This function performs initial processing of RTP input that is expected to be
one of the defined RTP formats for GSM-HR codec.  It accepts all possibilities
of TW-TS-002, RFC 5993 or TS 101 318 (listed in ThemWi order of preference) and
writes canonical TW-TS-002 super-5993 format into a buffer.  The output buffer
must have 15 bytes of space, and the frame written into this buffer will ALWAYS
be a valid input to gsmhr_decoder_twts002_in() function described above.

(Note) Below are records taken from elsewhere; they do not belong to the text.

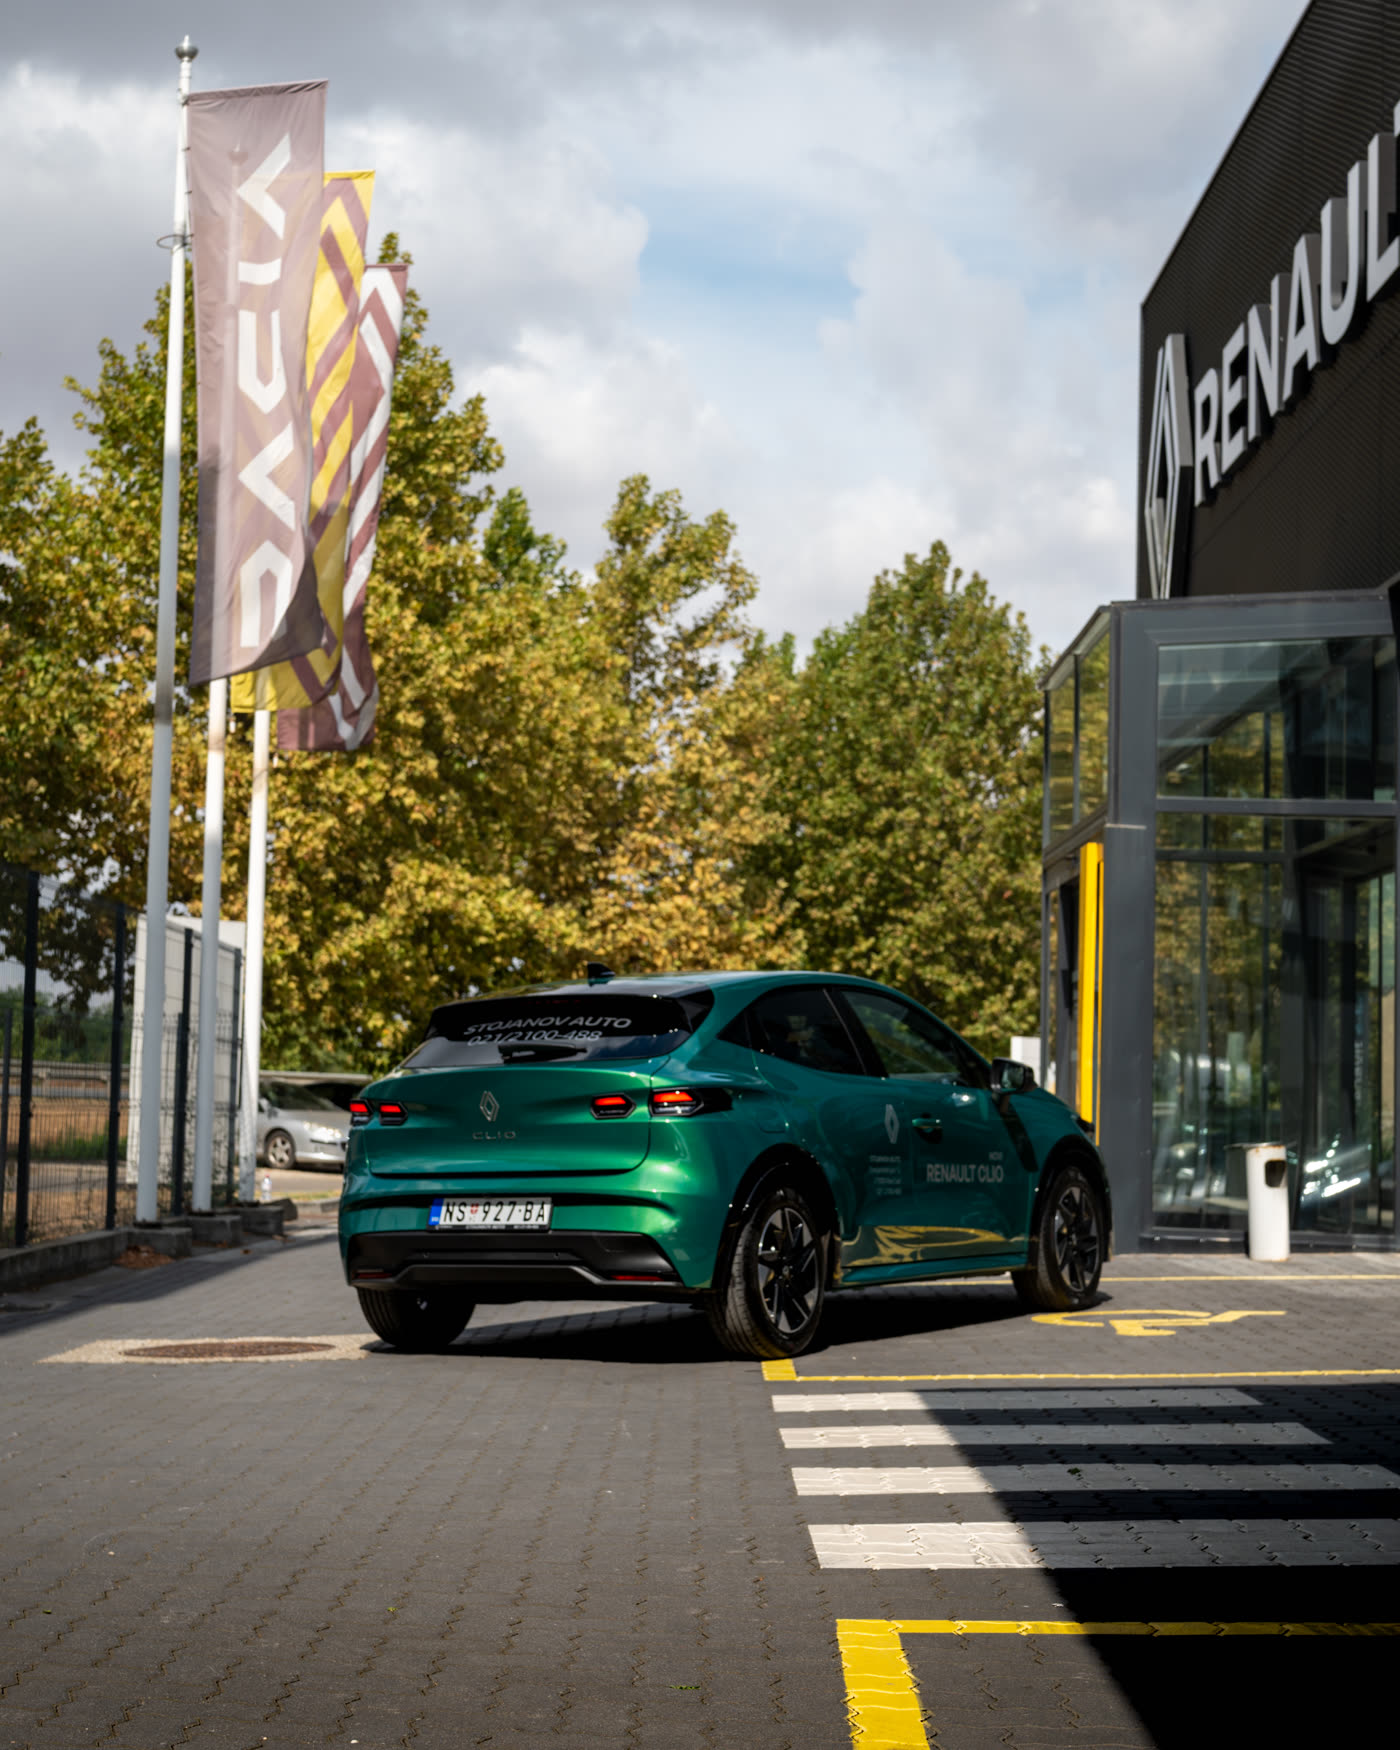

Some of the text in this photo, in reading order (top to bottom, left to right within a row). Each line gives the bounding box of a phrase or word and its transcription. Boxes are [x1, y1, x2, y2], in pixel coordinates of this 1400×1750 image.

[1193, 100, 1400, 507] RENAUL
[463, 1016, 632, 1035] STOJANOV AUTO
[472, 1131, 517, 1141] CLIO
[926, 1163, 1004, 1183] RENAULT CLIO
[444, 1201, 467, 1222] NS
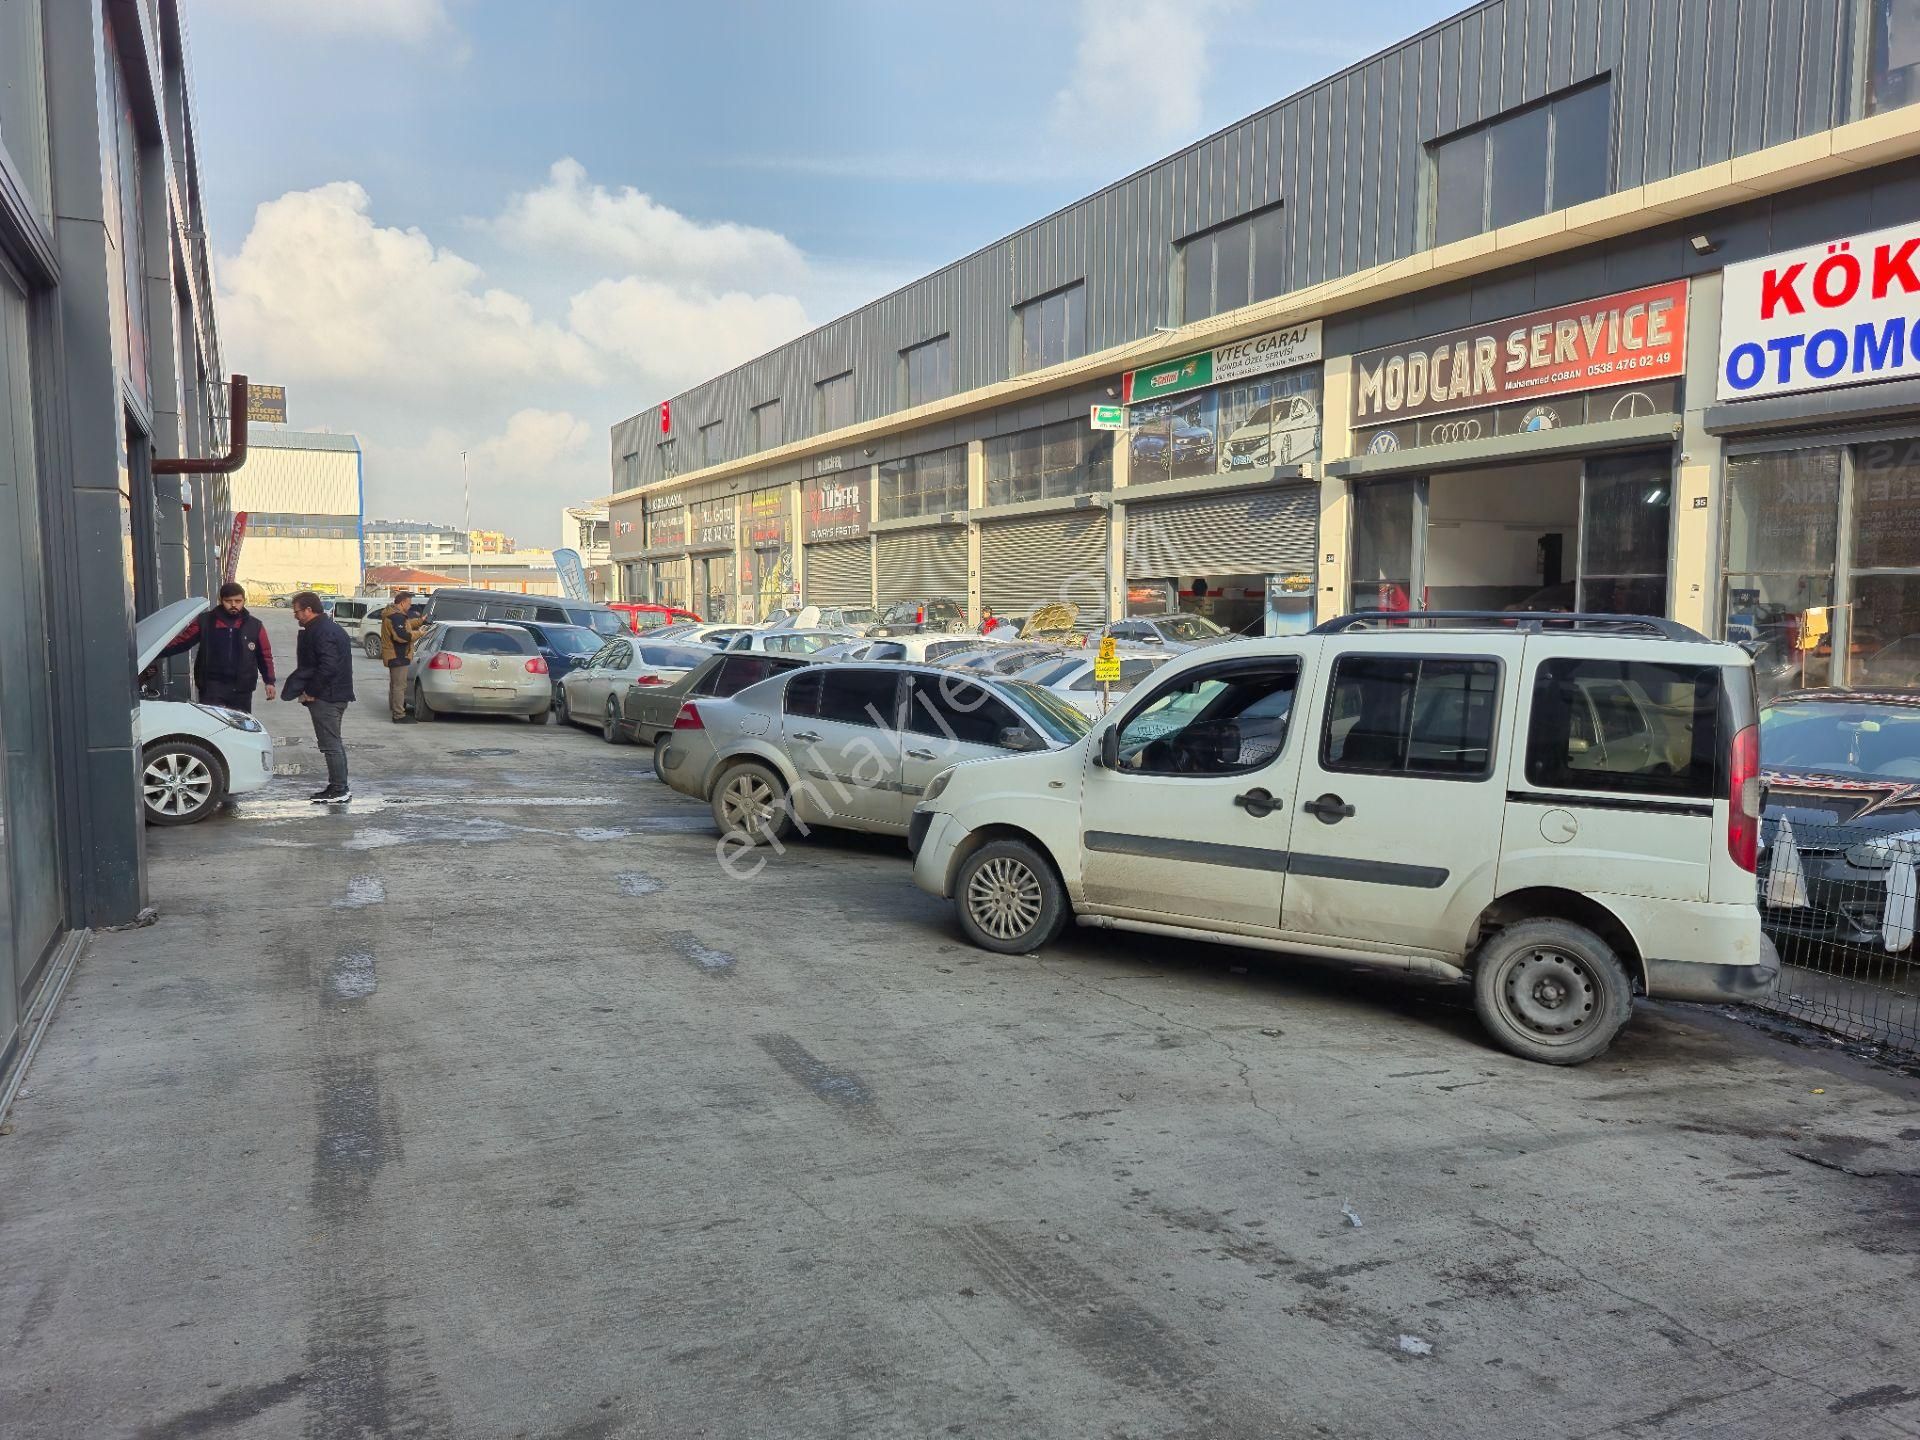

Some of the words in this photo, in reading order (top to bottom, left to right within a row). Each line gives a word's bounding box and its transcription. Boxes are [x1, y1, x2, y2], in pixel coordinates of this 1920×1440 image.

[1761, 238, 1920, 320] KÖK
[1216, 342, 1252, 364] VTEC
[1255, 327, 1308, 354] GARAJ
[1357, 335, 1498, 417] MODCAR
[1505, 298, 1675, 374] SERVICE
[1726, 317, 1920, 390] OTOM
[1215, 361, 1243, 374] HONDA
[1505, 375, 1550, 391] Muhammed
[1551, 368, 1582, 384] ÇOBAN
[1587, 362, 1613, 376] 0538
[1616, 358, 1636, 371] 476
[1639, 355, 1654, 368] 02
[1656, 352, 1672, 364] 49
[247, 413, 283, 422] STORAN
[1693, 497, 1707, 508] 35
[835, 524, 860, 538] FASTER

The input arguments are RTP payload and its length.  The return value is 0 if
RTP input was in a recognized format, or -1 if it is invalid.  In the case of
invalid RTP input, the output is filled with ToC of 0x70 (BFI with no data) -
the output is always valid.

Zero-length RTP payloads are acceptable; if rtp_in_len is 0, then rtp_in pointer
may be NULL.  The output in this case is filled with ToC of 0x70 (BFI with no
data), but the return value is 0, indicating success.  The intent is that truly
invalid RTP payloads are error events which should be counted, while NULL input
is a normal occurrence when ThemWi jitter buffer (twjit) does not hold a
previously received RTP packet that maps to the current tick.  (Actually
transmitted RTP packets with a zero-length payloads are also possible: they are
ThemWi preferred alternative to IETF approach of intentional gaps in the RTP
stream.)

int gsmhr_rtp_in_direct(const uint8_t *rtp_in, unsigned rtp_in_len,
			int16_t *param);

This function is fully equivalent to calling first gsmhr_rtp_in_preen(), then
gsmhr_decoder_twts002_in().  It is however slightly more efficient, as it avoids
the intermediate buffer and some copying.  The return value is the same as
gsmhr_rtp_in_preen(), and just like with that function, the output is always
valid.

Reading *.cod and *.dec files
-----------------------------

The most native representation format for GSM-HR codec frames in libgsmhr1 is
arrays of broken-down speech parameters.  However, unlike TS 101 318 format in
which every possible bit pattern is a plausible GSM-HR codec frame, an array of
broken-down parameters that purports to be a GSM-HR frame can contain garbage.
The additional metadata flags in the canonical decoder input format can also
contain garbage - which our speech decoder and TFO transform engines are NOT
prepared for!  There is no potential for malfunction if these arrays of
parameters and metadata flags come only from libgsmhr1 functions - but if an
application needs to read *.cod or *.dec files, or otherwise accept external
input in any of these formats, then an explicit validation step is required.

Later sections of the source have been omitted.